▸ **TASK TO CARRY OUT**
Below is a block of entries, which should be copied verbatim apart from the pictures.

[Images for object localization]
- - -

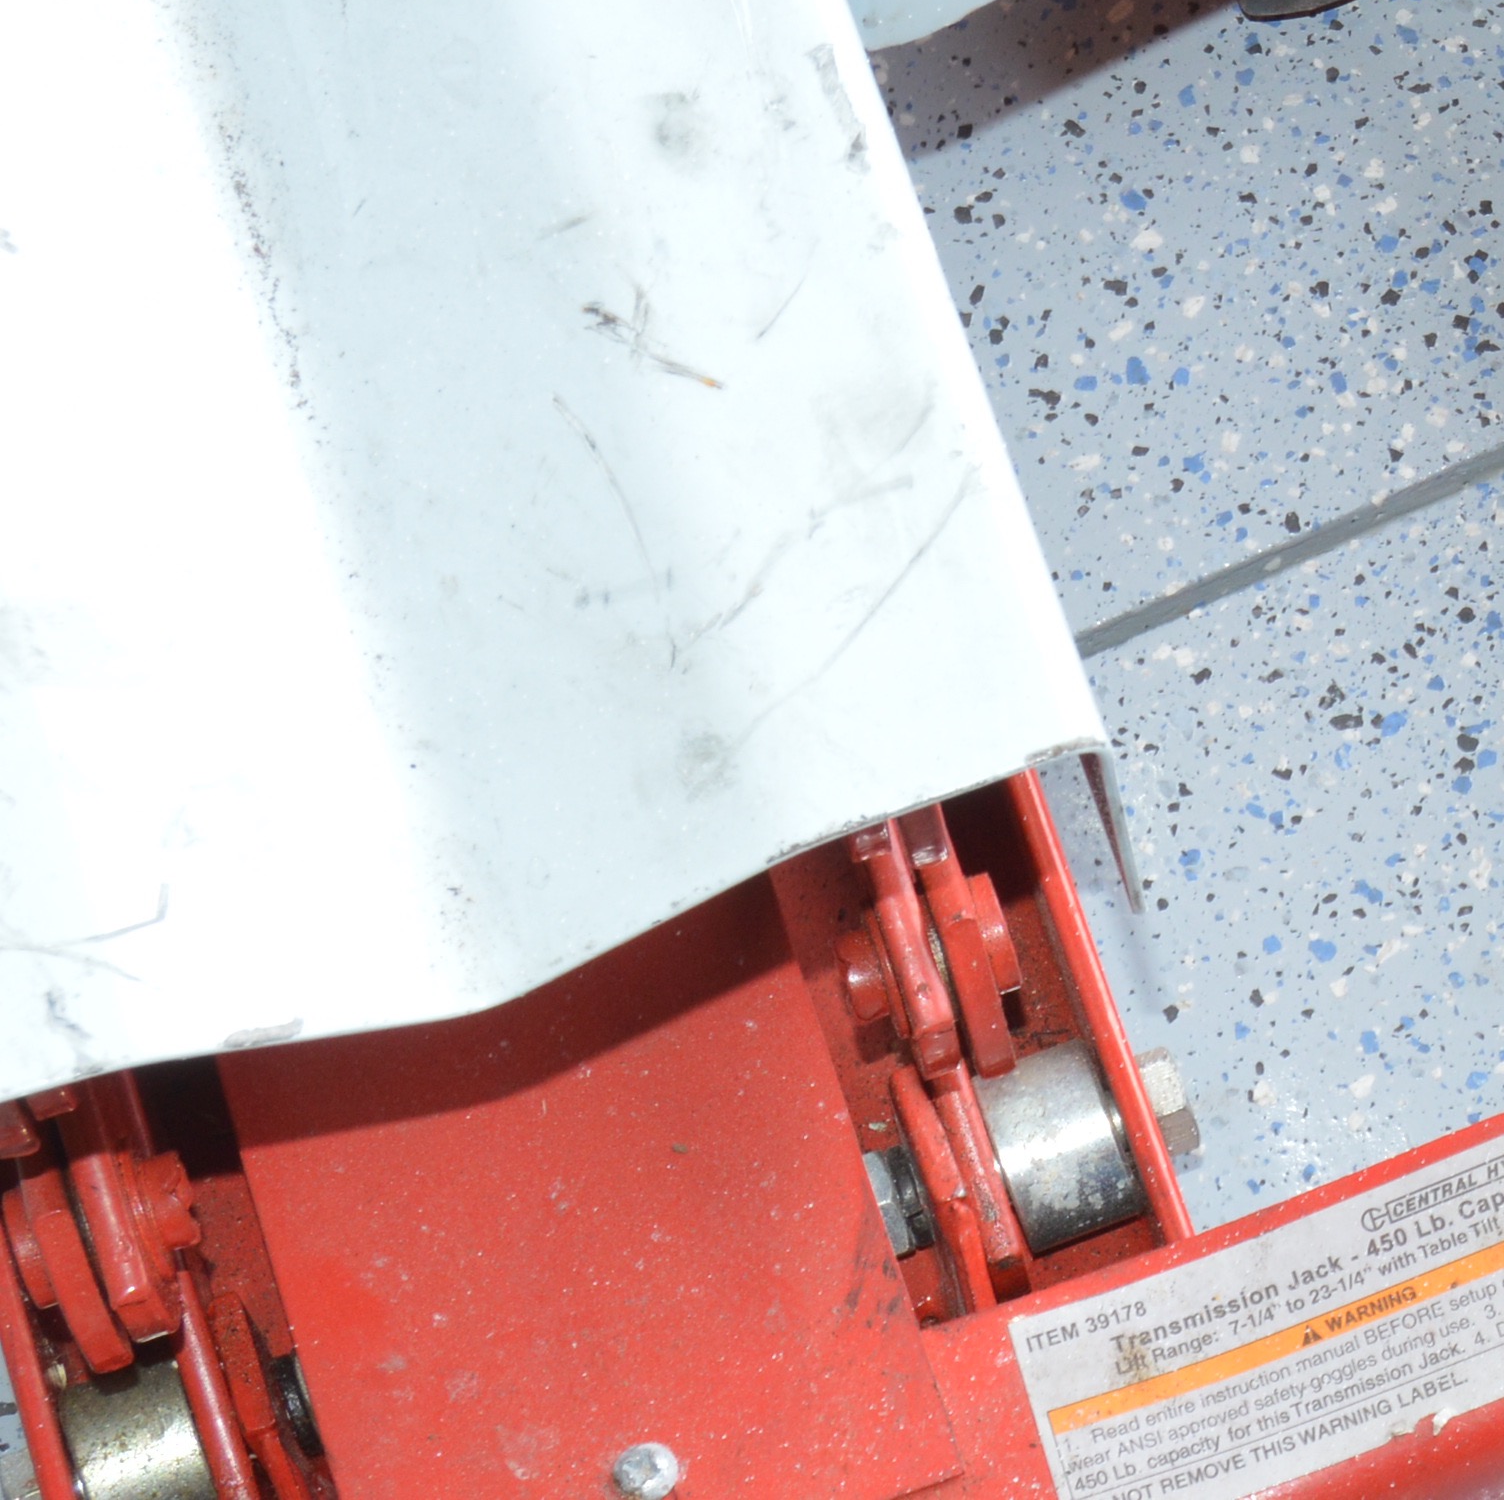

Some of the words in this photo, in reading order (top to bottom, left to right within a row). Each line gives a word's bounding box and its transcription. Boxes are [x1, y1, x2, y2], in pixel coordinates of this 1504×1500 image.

[1389, 1172, 1478, 1218] CENTRAL
[1024, 1319, 1080, 1355] ITEM
[1083, 1297, 1148, 1336] 39178
[1110, 1276, 1280, 1358] Transmission
[1283, 1252, 1345, 1292] Jack
[1363, 1226, 1409, 1259] 450
[1413, 1208, 1454, 1238] Lb.
[1114, 1351, 1148, 1377] Lift
[1151, 1326, 1220, 1369] Range:
[1285, 1294, 1306, 1314] to
[1375, 1249, 1417, 1277] with
[1417, 1228, 1469, 1260] Table
[1468, 1215, 1501, 1240] Tilt
[1324, 1284, 1418, 1333] WARNING
[1066, 1445, 1113, 1476] wear
[1114, 1428, 1164, 1460] ANSI
[1166, 1399, 1251, 1445] approved
[1308, 1351, 1379, 1394] goggles
[1378, 1328, 1437, 1364] during
[1482, 1301, 1502, 1321] 3.
[1072, 1468, 1109, 1495] 450
[1145, 1430, 1223, 1476] capacity
[1225, 1420, 1254, 1443] for
[1254, 1406, 1291, 1433] this
[1289, 1359, 1414, 1420] Transmission
[1415, 1337, 1467, 1371] Jack.
[1471, 1328, 1491, 1348] 4.
[1089, 1413, 1141, 1446] Read
[1143, 1395, 1197, 1429] entire
[1198, 1360, 1292, 1410] instruction
[1293, 1334, 1361, 1373] manual
[1362, 1300, 1446, 1346] BEFORE
[1447, 1281, 1499, 1315] setup
[1159, 1449, 1247, 1498] REMOVE
[1249, 1433, 1297, 1465] THIS
[1298, 1397, 1393, 1446] WARNING
[1395, 1367, 1469, 1408] LABEL.

- - -

▸ **RESULT OF THE TASK**
Some of the words in this photo, in reading order (top to bottom, left to right within a row). Each line gives a word's bounding box and its transcription. Boxes are [x1, y1, x2, y2], in pixel coordinates of this 1504×1500 image.

[1389, 1172, 1478, 1218] CENTRAL
[1024, 1319, 1080, 1355] ITEM
[1083, 1297, 1148, 1336] 39178
[1110, 1276, 1280, 1358] Transmission
[1283, 1252, 1345, 1292] Jack
[1363, 1226, 1409, 1259] 450
[1413, 1208, 1454, 1238] Lb.
[1114, 1351, 1148, 1377] Lift
[1151, 1326, 1220, 1369] Range:
[1285, 1294, 1306, 1314] to
[1375, 1249, 1417, 1277] with
[1417, 1228, 1469, 1260] Table
[1468, 1215, 1501, 1240] Tilt
[1324, 1284, 1418, 1333] WARNING
[1066, 1445, 1113, 1476] wear
[1114, 1428, 1164, 1460] ANSI
[1166, 1399, 1251, 1445] approved
[1308, 1351, 1379, 1394] goggles
[1378, 1328, 1437, 1364] during
[1482, 1301, 1502, 1321] 3.
[1072, 1468, 1109, 1495] 450
[1145, 1430, 1223, 1476] capacity
[1225, 1420, 1254, 1443] for
[1254, 1406, 1291, 1433] this
[1289, 1359, 1414, 1420] Transmission
[1415, 1337, 1467, 1371] Jack.
[1471, 1328, 1491, 1348] 4.
[1089, 1413, 1141, 1446] Read
[1143, 1395, 1197, 1429] entire
[1198, 1360, 1292, 1410] instruction
[1293, 1334, 1361, 1373] manual
[1362, 1300, 1446, 1346] BEFORE
[1447, 1281, 1499, 1315] setup
[1159, 1449, 1247, 1498] REMOVE
[1249, 1433, 1297, 1465] THIS
[1298, 1397, 1393, 1446] WARNING
[1395, 1367, 1469, 1408] LABEL.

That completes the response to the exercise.